> _Dataset excerpts_
/---

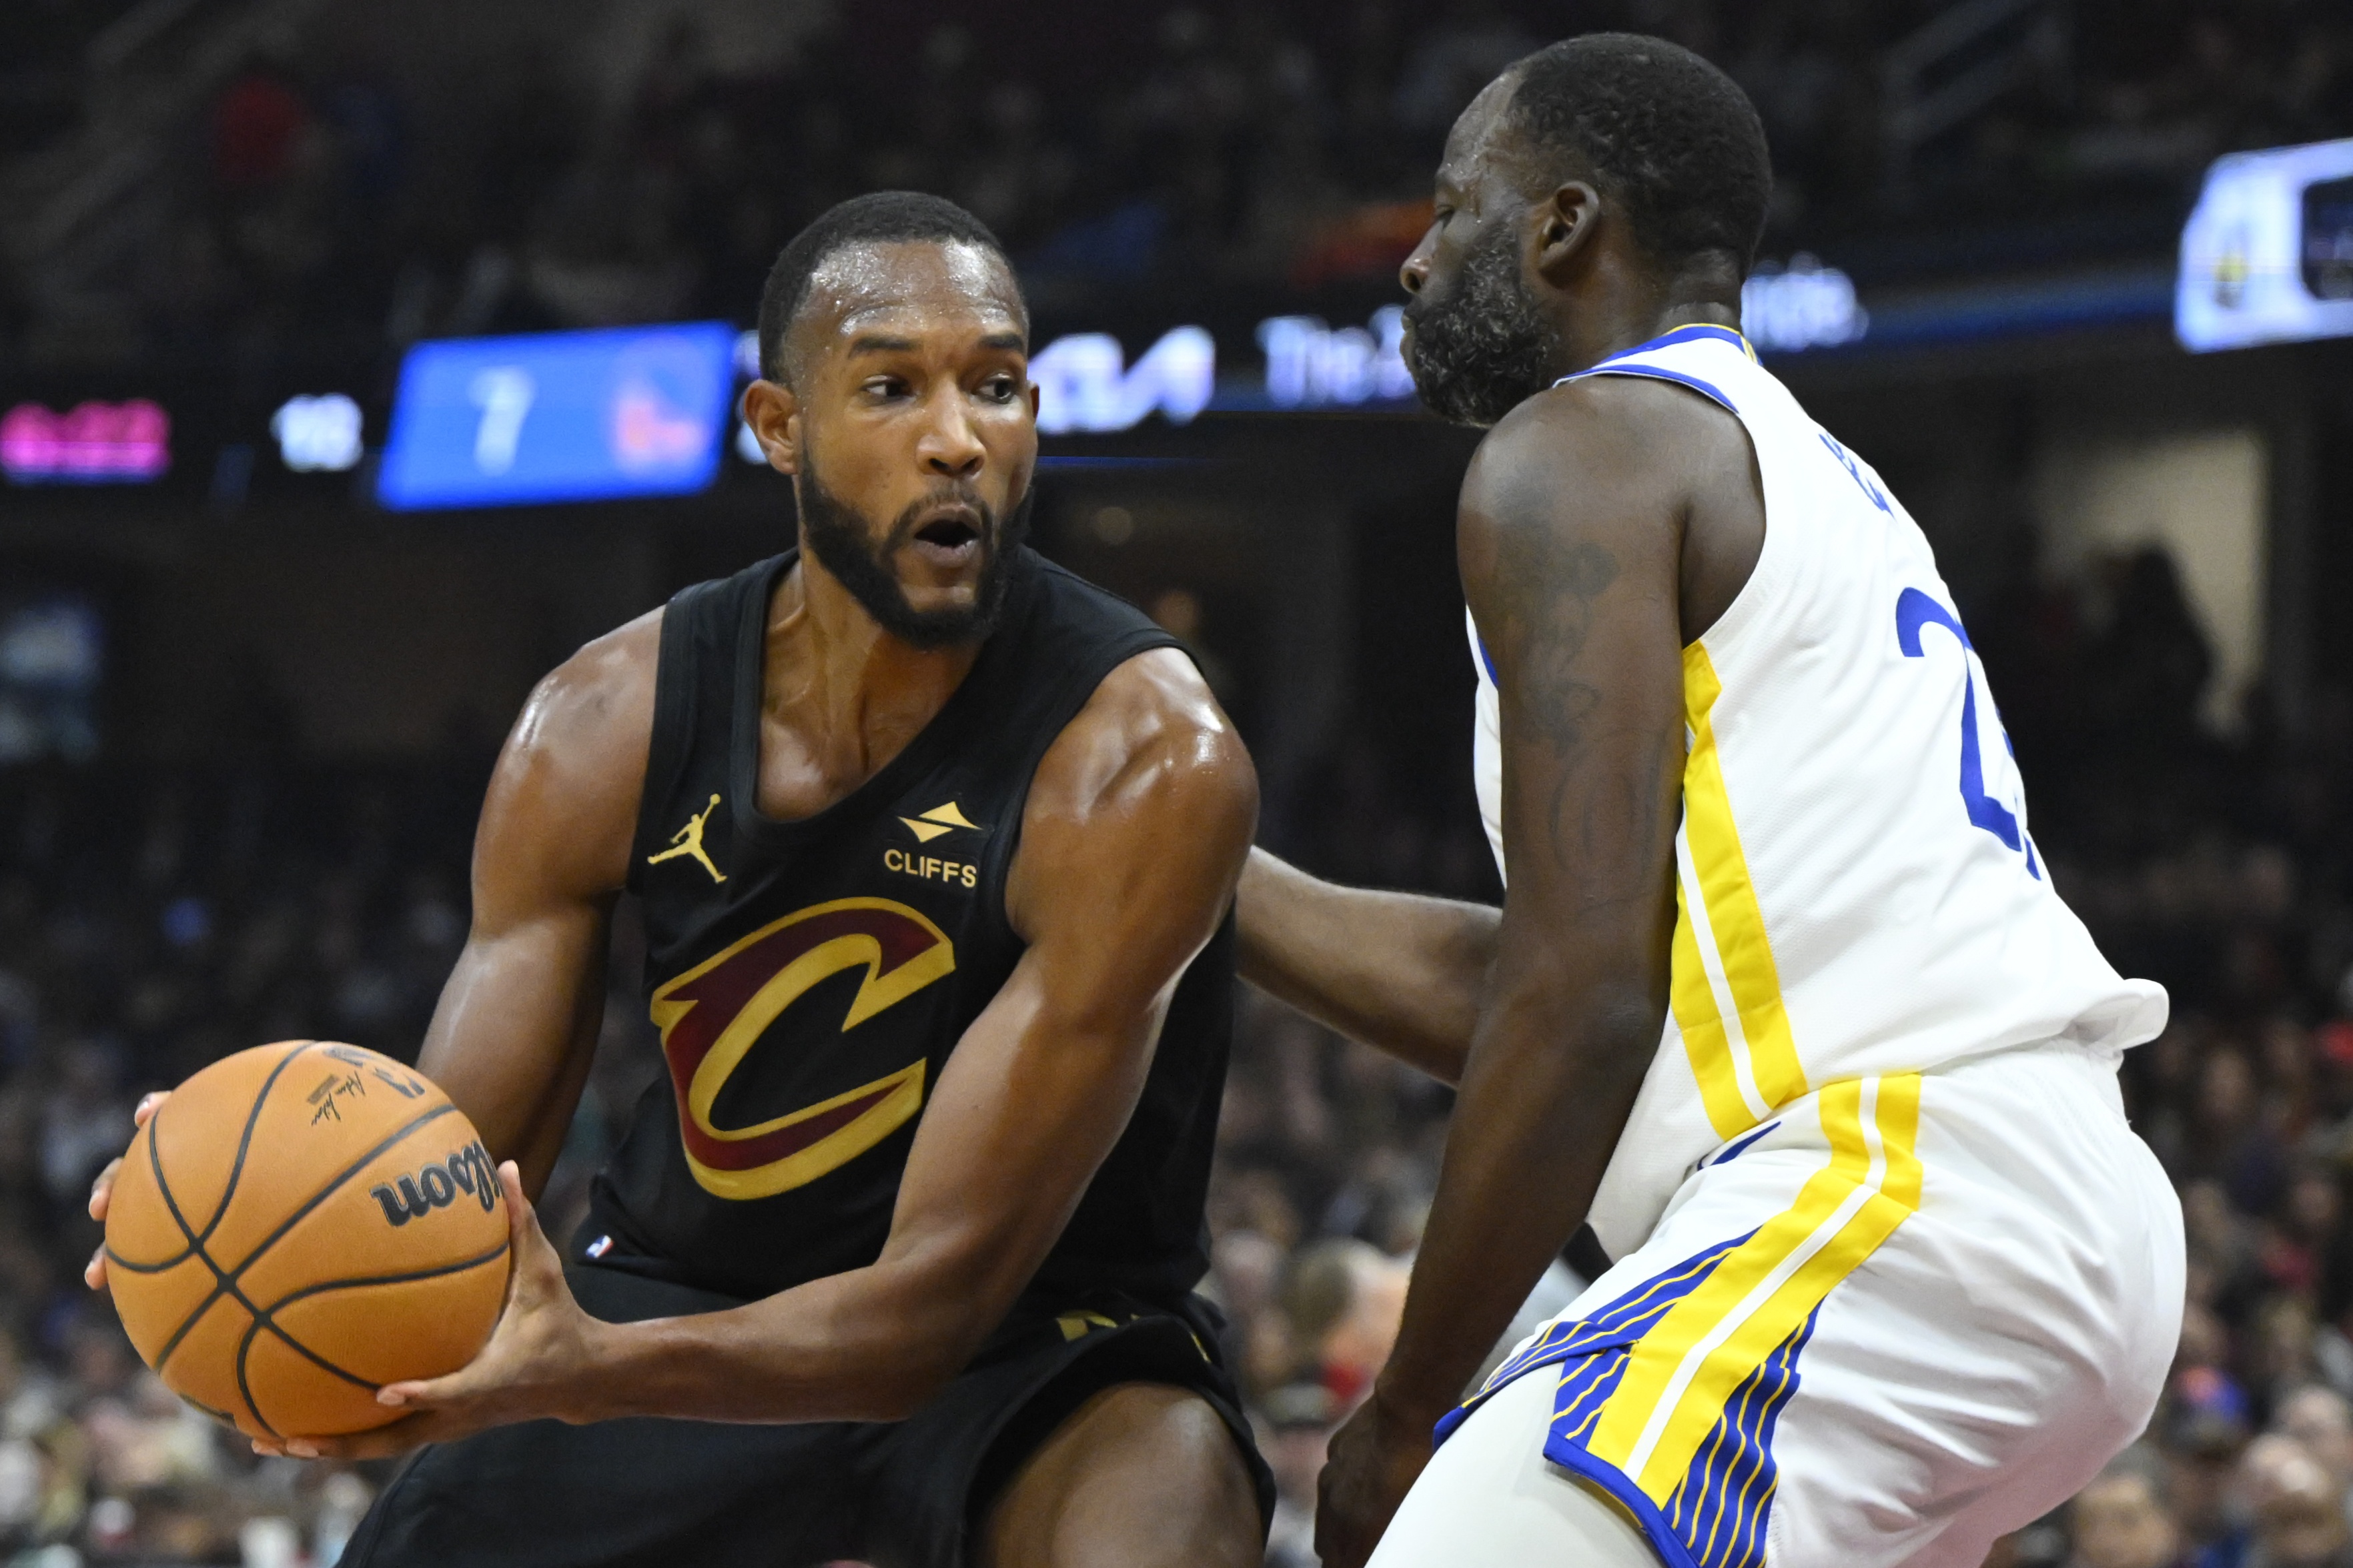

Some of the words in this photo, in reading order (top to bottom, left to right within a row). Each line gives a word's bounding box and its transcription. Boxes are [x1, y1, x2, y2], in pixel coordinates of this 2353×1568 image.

[1895, 586, 2041, 882] 2
[884, 848, 977, 888] CLIFFS
[650, 896, 957, 1201] C
[370, 1139, 501, 1227] ilson

\---

> _What is needed_
Give back every record precisely as it stands, without the images.

> _Result for this task_
Some of the words in this photo, in reading order (top to bottom, left to right within a row). Each line gives a word's bounding box and its transcription. Boxes are [x1, y1, x2, y2], in pixel coordinates of this 2353×1568 image.

[1895, 586, 2041, 882] 2
[884, 848, 977, 888] CLIFFS
[650, 896, 957, 1201] C
[370, 1139, 501, 1227] ilson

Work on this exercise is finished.